リニア開業目標「2037年だけ」 部分開業の正当性主張 川勝知事会見 【大井川とリニア】

 川勝平太知事は26日の定例記者会見で、JR東海がリニア中央新幹線の品川-名古屋間開業時期を「2027年以降」に変更すると国に申請したことは、同社が同区間の開業時期に関する目標を取り下げたのと同じとの見方を示した。開業時期に関する目標は「(37年の)全線開通しかない」とし、それまでに神奈川-甲府の連続する2駅間の部分開業を行うことができるとの自らの考えの正当性を主張した。
 川勝知事は、大阪府の吉村洋文知事や山梨県の長崎幸太郎知事もJRの申請をきっかけに「できるところからやればいい」と部分開業を主張しているとし、事業主体であるJRを差し置いて考えを示すことに関しても「国が認可した国家的事業。沿線都府県はみな関与している」と述べ、正当だと主張した。
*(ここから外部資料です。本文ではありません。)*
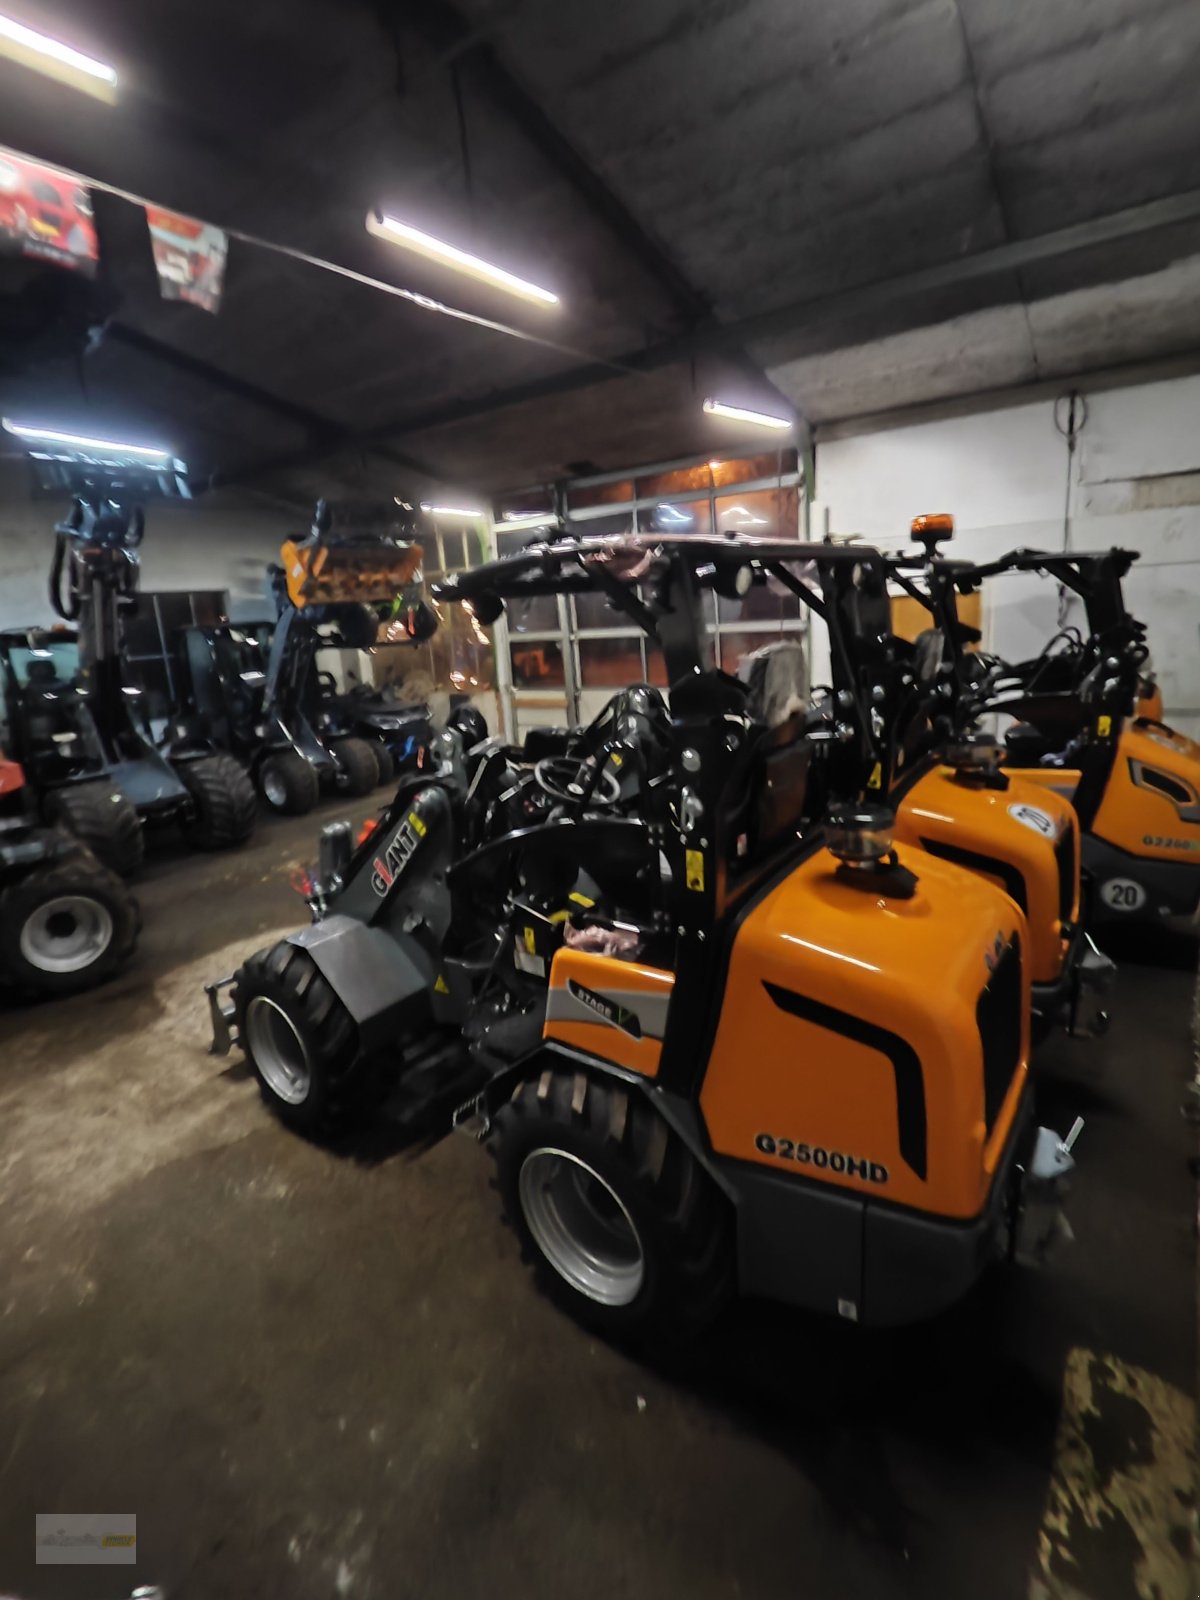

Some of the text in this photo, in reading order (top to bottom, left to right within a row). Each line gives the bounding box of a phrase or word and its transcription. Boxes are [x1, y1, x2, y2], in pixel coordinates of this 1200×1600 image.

[371, 821, 417, 897] GIANT
[1112, 885, 1138, 906] 20
[577, 988, 613, 1019] STAGE
[754, 1133, 889, 1184] G2500HD
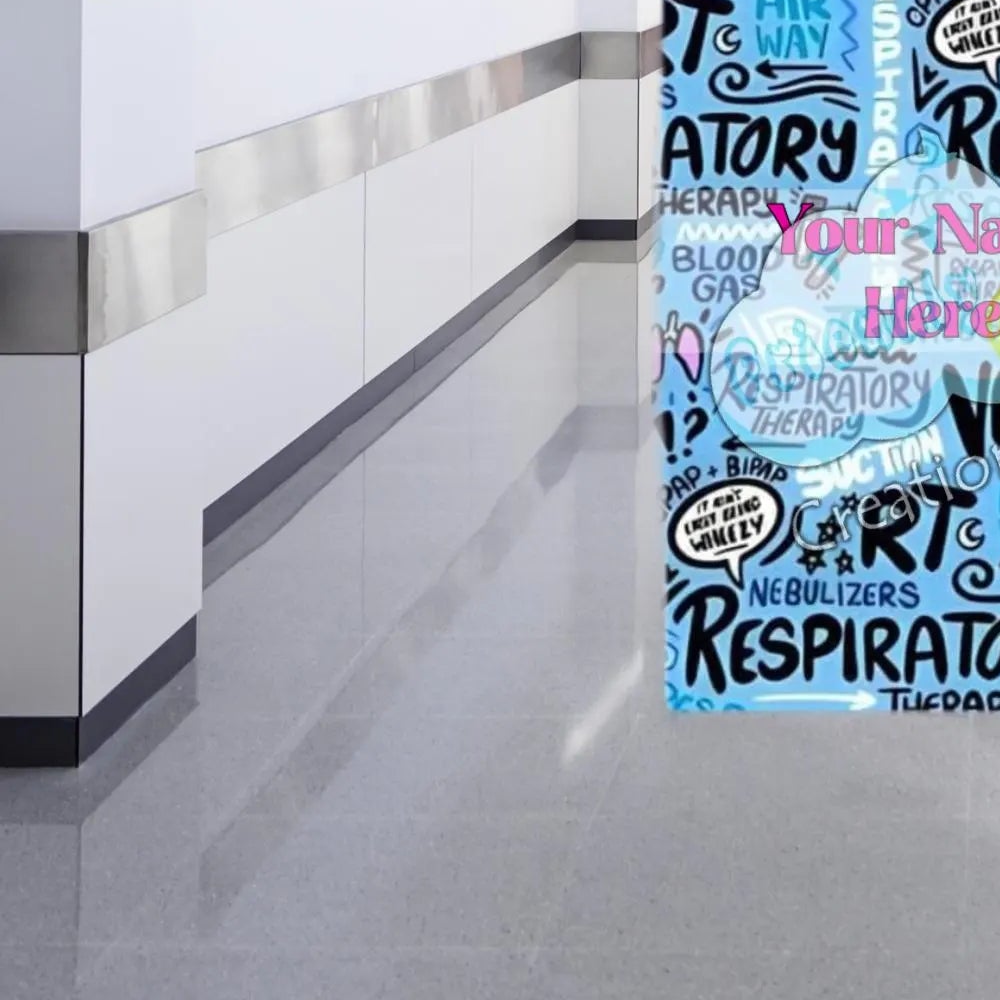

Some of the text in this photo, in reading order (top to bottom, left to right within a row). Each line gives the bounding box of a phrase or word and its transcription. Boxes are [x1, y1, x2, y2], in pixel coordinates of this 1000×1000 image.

 2駅間の部分開業の事業効率については、神奈川-甲府間をつなげば「甲府が大雪のときでもリニアで首都圏に出られる」と防災上の役割を強調し、「もうかる、もうからないの話だったら国家的事業にはなり得ない」とした。その上で、JRが以前の説明資料で「山梨実験線の延伸完成から間断なく(リニア工事に)着手」と記していることに触れ、実験線区間を含む神奈川-甲府間の開業が「実験線完成」を意味し、JRが最初に開業すべき区間だと主張した。
 ただ、JRの10年当時の資料に「山梨実験線の延伸完了(平成25年度中を予定)から間断なく着手」との記述があり、「実験線完成」の認識がJR側と知事で異なっている可能性がある。JRは静岡工区の着工見通しが立たないとして品川-名古屋間の工事完了予定時期を「27年」から「27年以降」に変更し、連続する2駅間の部分開業の可能性を否定している。